Content starts
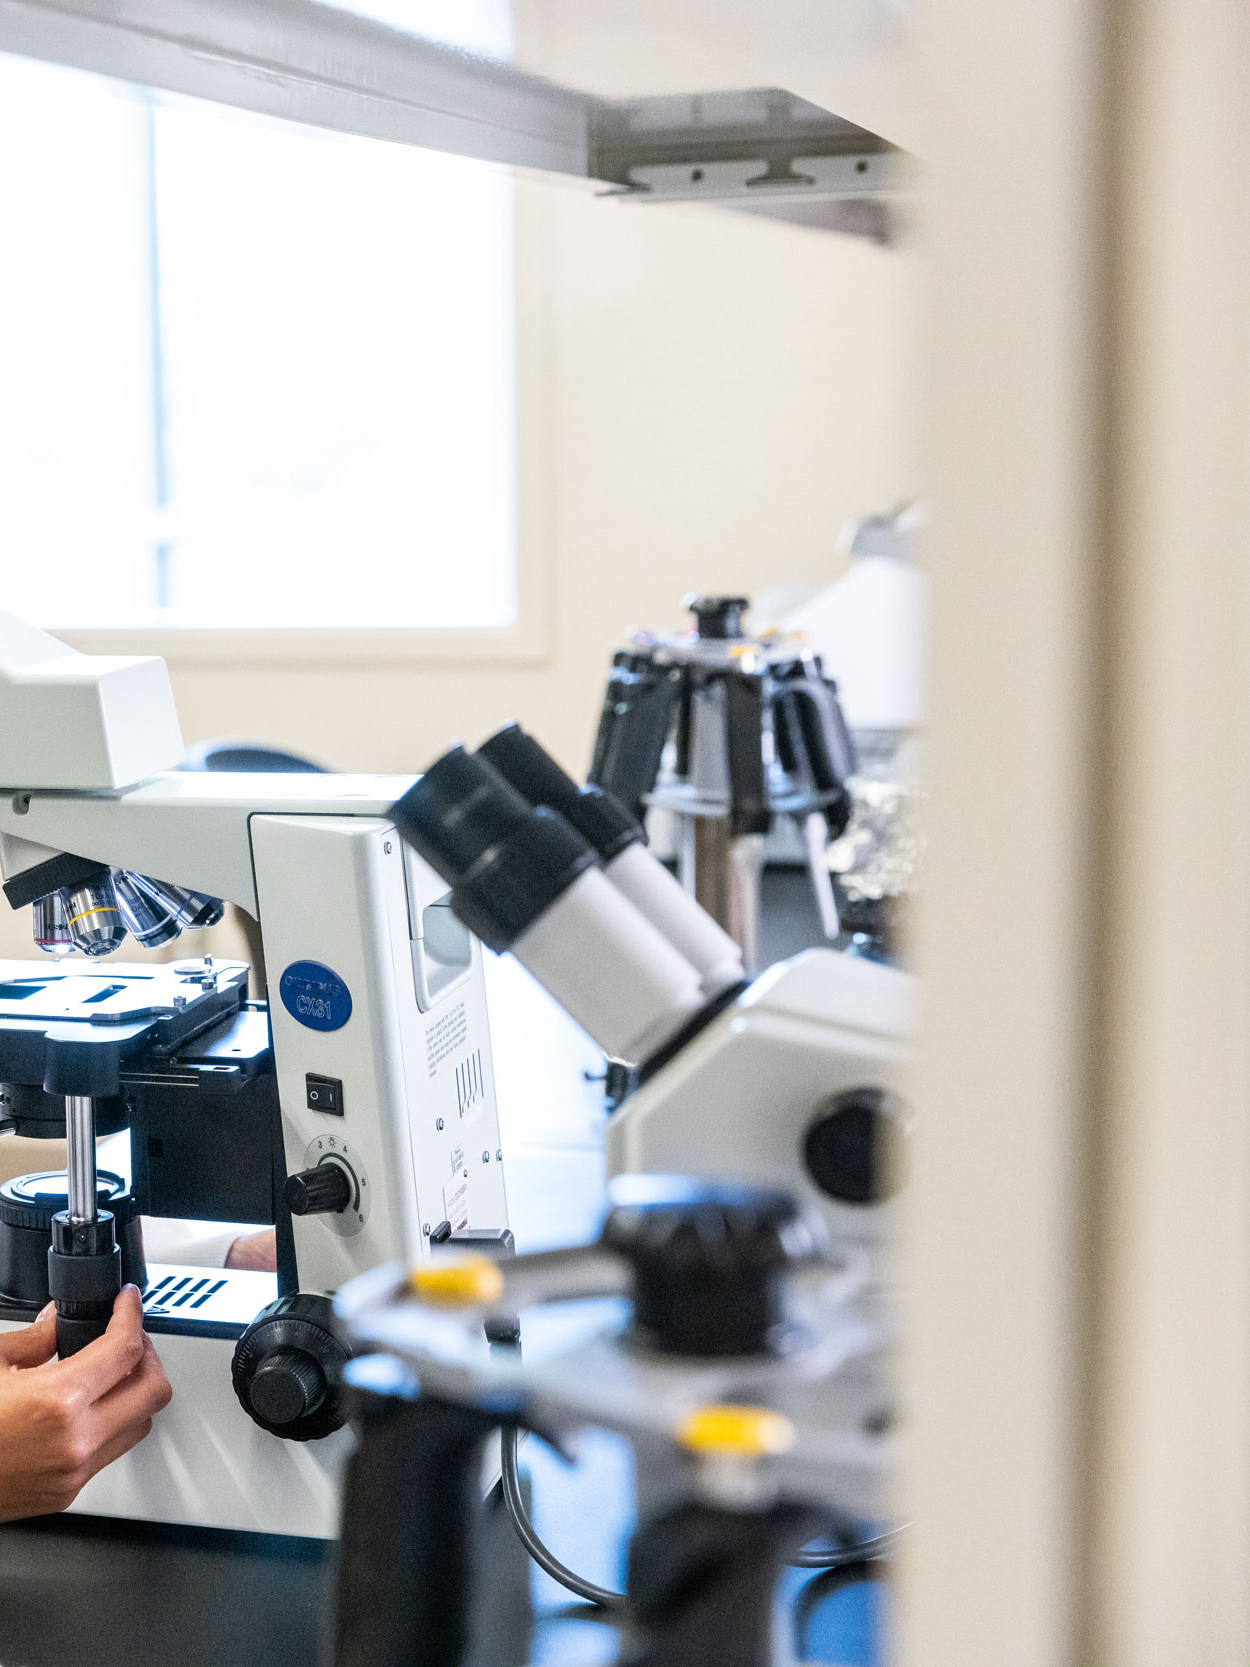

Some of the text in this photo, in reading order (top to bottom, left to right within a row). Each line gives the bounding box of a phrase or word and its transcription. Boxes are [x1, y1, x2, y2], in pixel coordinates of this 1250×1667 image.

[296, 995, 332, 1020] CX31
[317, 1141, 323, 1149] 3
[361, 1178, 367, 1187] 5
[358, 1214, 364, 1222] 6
Content ends
**Work to complete**
Using the material above, return every line exactly as it appears, minus the pictures.

**Result of this task**
Some of the text in this photo, in reading order (top to bottom, left to right within a row). Each line gives the bounding box of a phrase or word and its transcription. Boxes are [x1, y1, x2, y2], in pixel coordinates of this 1250×1667 image.

[296, 995, 332, 1020] CX31
[317, 1141, 323, 1149] 3
[361, 1178, 367, 1187] 5
[358, 1214, 364, 1222] 6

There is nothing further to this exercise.